Records from a collection:
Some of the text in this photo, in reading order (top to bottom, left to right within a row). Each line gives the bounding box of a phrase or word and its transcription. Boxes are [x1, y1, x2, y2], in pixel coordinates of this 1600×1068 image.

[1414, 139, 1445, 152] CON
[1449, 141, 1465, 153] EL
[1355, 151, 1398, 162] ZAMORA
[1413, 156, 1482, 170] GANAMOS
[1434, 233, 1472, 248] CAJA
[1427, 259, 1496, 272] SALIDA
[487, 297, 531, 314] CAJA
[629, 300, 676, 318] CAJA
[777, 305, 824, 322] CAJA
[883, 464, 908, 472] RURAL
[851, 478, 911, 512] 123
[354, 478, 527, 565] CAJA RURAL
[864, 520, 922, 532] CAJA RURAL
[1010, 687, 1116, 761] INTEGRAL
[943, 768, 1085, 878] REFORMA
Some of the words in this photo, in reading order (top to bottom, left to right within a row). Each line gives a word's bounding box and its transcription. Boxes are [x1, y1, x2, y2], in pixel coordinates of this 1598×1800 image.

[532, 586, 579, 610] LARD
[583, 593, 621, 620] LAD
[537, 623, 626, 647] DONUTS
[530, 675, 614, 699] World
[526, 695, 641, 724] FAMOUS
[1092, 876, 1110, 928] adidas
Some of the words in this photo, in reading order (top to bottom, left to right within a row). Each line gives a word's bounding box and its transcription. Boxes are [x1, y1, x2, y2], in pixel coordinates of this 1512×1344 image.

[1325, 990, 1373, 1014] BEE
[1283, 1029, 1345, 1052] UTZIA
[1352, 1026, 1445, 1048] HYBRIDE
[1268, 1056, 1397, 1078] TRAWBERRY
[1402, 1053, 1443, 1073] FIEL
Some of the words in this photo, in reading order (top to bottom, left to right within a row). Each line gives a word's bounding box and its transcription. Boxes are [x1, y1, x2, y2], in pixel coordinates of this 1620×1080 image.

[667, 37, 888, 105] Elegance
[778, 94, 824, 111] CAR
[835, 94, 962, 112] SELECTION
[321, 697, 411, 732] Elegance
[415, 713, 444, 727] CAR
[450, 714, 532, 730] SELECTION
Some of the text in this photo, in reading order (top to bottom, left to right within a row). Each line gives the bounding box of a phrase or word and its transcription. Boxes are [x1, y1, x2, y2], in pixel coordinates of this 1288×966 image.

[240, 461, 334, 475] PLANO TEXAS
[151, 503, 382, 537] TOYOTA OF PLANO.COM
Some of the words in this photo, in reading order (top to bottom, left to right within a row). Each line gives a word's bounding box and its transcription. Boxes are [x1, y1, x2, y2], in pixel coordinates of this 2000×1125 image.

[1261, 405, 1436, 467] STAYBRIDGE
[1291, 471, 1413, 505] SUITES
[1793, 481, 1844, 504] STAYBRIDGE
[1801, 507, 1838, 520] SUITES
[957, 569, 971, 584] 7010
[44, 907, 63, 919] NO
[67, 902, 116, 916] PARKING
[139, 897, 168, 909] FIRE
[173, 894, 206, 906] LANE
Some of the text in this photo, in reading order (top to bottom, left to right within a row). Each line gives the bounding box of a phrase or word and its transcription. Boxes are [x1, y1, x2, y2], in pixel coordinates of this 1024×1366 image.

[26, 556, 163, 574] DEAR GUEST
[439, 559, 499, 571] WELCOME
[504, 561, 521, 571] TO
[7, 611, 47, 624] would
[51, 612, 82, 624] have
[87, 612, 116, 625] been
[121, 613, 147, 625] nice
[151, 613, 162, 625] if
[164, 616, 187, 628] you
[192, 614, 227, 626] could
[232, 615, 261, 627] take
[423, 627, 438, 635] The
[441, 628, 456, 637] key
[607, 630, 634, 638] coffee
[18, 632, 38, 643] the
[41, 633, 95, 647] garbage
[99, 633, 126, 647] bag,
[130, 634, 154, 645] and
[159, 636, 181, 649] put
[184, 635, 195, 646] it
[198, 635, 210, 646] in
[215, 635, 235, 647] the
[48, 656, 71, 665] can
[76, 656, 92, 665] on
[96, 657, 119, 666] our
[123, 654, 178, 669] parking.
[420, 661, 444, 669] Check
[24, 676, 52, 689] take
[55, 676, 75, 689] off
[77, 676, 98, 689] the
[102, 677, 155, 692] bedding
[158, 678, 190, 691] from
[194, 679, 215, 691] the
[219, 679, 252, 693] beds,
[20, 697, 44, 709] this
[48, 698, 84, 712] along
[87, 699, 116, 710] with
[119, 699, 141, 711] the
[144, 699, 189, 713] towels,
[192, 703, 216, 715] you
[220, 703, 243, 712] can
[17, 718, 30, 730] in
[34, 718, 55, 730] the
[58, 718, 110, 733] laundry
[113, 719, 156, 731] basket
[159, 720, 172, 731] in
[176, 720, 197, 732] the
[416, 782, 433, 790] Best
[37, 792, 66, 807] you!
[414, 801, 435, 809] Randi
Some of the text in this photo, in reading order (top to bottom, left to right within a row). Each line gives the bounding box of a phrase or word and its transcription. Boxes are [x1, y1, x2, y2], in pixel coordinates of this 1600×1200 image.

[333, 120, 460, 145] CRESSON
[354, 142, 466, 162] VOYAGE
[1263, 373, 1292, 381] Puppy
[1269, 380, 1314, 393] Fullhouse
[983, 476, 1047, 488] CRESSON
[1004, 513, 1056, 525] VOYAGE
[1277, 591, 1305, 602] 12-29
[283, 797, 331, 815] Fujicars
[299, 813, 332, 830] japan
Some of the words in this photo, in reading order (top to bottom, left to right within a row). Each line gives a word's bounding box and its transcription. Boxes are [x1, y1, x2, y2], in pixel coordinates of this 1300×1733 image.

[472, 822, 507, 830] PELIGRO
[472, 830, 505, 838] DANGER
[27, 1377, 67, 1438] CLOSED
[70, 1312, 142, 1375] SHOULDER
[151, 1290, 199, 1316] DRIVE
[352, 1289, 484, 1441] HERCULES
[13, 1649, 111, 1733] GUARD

- What to produce
Line by line, copy the entries above exactly as they appear.

- Task answer
Some of the text in this photo, in reading order (top to bottom, left to right within a row). Each line gives the bounding box of a phrase or word and its transcription. Boxes are [x1, y1, x2, y2], in pixel coordinates of this 1600×1068 image.

[1414, 139, 1445, 152] CON
[1449, 141, 1465, 153] EL
[1355, 151, 1398, 162] ZAMORA
[1413, 156, 1482, 170] GANAMOS
[1434, 233, 1472, 248] CAJA
[1427, 259, 1496, 272] SALIDA
[487, 297, 531, 314] CAJA
[629, 300, 676, 318] CAJA
[777, 305, 824, 322] CAJA
[883, 464, 908, 472] RURAL
[851, 478, 911, 512] 123
[354, 478, 527, 565] CAJA RURAL
[864, 520, 922, 532] CAJA RURAL
[1010, 687, 1116, 761] INTEGRAL
[943, 768, 1085, 878] REFORMA
Some of the words in this photo, in reading order (top to bottom, left to right within a row). Each line gives a word's bounding box and its transcription. Boxes are [x1, y1, x2, y2], in pixel coordinates of this 1598×1800 image.

[532, 586, 579, 610] LARD
[583, 593, 621, 620] LAD
[537, 623, 626, 647] DONUTS
[530, 675, 614, 699] World
[526, 695, 641, 724] FAMOUS
[1092, 876, 1110, 928] adidas
Some of the words in this photo, in reading order (top to bottom, left to right within a row). Each line gives a word's bounding box and its transcription. Boxes are [x1, y1, x2, y2], in pixel coordinates of this 1512×1344 image.

[1325, 990, 1373, 1014] BEE
[1283, 1029, 1345, 1052] UTZIA
[1352, 1026, 1445, 1048] HYBRIDE
[1268, 1056, 1397, 1078] TRAWBERRY
[1402, 1053, 1443, 1073] FIEL
Some of the words in this photo, in reading order (top to bottom, left to right within a row). Each line gives a word's bounding box and its transcription. Boxes are [x1, y1, x2, y2], in pixel coordinates of this 1620×1080 image.

[667, 37, 888, 105] Elegance
[778, 94, 824, 111] CAR
[835, 94, 962, 112] SELECTION
[321, 697, 411, 732] Elegance
[415, 713, 444, 727] CAR
[450, 714, 532, 730] SELECTION
Some of the text in this photo, in reading order (top to bottom, left to right within a row). Each line gives the bounding box of a phrase or word and its transcription. Boxes are [x1, y1, x2, y2], in pixel coordinates of this 1288×966 image.

[240, 461, 334, 475] PLANO TEXAS
[151, 503, 382, 537] TOYOTA OF PLANO.COM
Some of the words in this photo, in reading order (top to bottom, left to right within a row). Each line gives a word's bounding box and its transcription. Boxes are [x1, y1, x2, y2], in pixel coordinates of this 2000×1125 image.

[1261, 405, 1436, 467] STAYBRIDGE
[1291, 471, 1413, 505] SUITES
[1793, 481, 1844, 504] STAYBRIDGE
[1801, 507, 1838, 520] SUITES
[957, 569, 971, 584] 7010
[44, 907, 63, 919] NO
[67, 902, 116, 916] PARKING
[139, 897, 168, 909] FIRE
[173, 894, 206, 906] LANE
Some of the text in this photo, in reading order (top to bottom, left to right within a row). Each line gives the bounding box of a phrase or word and its transcription. Boxes are [x1, y1, x2, y2], in pixel coordinates of this 1024×1366 image.

[26, 556, 163, 574] DEAR GUEST
[439, 559, 499, 571] WELCOME
[504, 561, 521, 571] TO
[7, 611, 47, 624] would
[51, 612, 82, 624] have
[87, 612, 116, 625] been
[121, 613, 147, 625] nice
[151, 613, 162, 625] if
[164, 616, 187, 628] you
[192, 614, 227, 626] could
[232, 615, 261, 627] take
[423, 627, 438, 635] The
[441, 628, 456, 637] key
[607, 630, 634, 638] coffee
[18, 632, 38, 643] the
[41, 633, 95, 647] garbage
[99, 633, 126, 647] bag,
[130, 634, 154, 645] and
[159, 636, 181, 649] put
[184, 635, 195, 646] it
[198, 635, 210, 646] in
[215, 635, 235, 647] the
[48, 656, 71, 665] can
[76, 656, 92, 665] on
[96, 657, 119, 666] our
[123, 654, 178, 669] parking.
[420, 661, 444, 669] Check
[24, 676, 52, 689] take
[55, 676, 75, 689] off
[77, 676, 98, 689] the
[102, 677, 155, 692] bedding
[158, 678, 190, 691] from
[194, 679, 215, 691] the
[219, 679, 252, 693] beds,
[20, 697, 44, 709] this
[48, 698, 84, 712] along
[87, 699, 116, 710] with
[119, 699, 141, 711] the
[144, 699, 189, 713] towels,
[192, 703, 216, 715] you
[220, 703, 243, 712] can
[17, 718, 30, 730] in
[34, 718, 55, 730] the
[58, 718, 110, 733] laundry
[113, 719, 156, 731] basket
[159, 720, 172, 731] in
[176, 720, 197, 732] the
[416, 782, 433, 790] Best
[37, 792, 66, 807] you!
[414, 801, 435, 809] Randi
Some of the text in this photo, in reading order (top to bottom, left to right within a row). Each line gives the bounding box of a phrase or word and its transcription. Boxes are [x1, y1, x2, y2], in pixel coordinates of this 1600×1200 image.

[333, 120, 460, 145] CRESSON
[354, 142, 466, 162] VOYAGE
[1263, 373, 1292, 381] Puppy
[1269, 380, 1314, 393] Fullhouse
[983, 476, 1047, 488] CRESSON
[1004, 513, 1056, 525] VOYAGE
[1277, 591, 1305, 602] 12-29
[283, 797, 331, 815] Fujicars
[299, 813, 332, 830] japan
Some of the words in this photo, in reading order (top to bottom, left to right within a row). Each line gives a word's bounding box and its transcription. Boxes are [x1, y1, x2, y2], in pixel coordinates of this 1300×1733 image.

[472, 822, 507, 830] PELIGRO
[472, 830, 505, 838] DANGER
[27, 1377, 67, 1438] CLOSED
[70, 1312, 142, 1375] SHOULDER
[151, 1290, 199, 1316] DRIVE
[352, 1289, 484, 1441] HERCULES
[13, 1649, 111, 1733] GUARD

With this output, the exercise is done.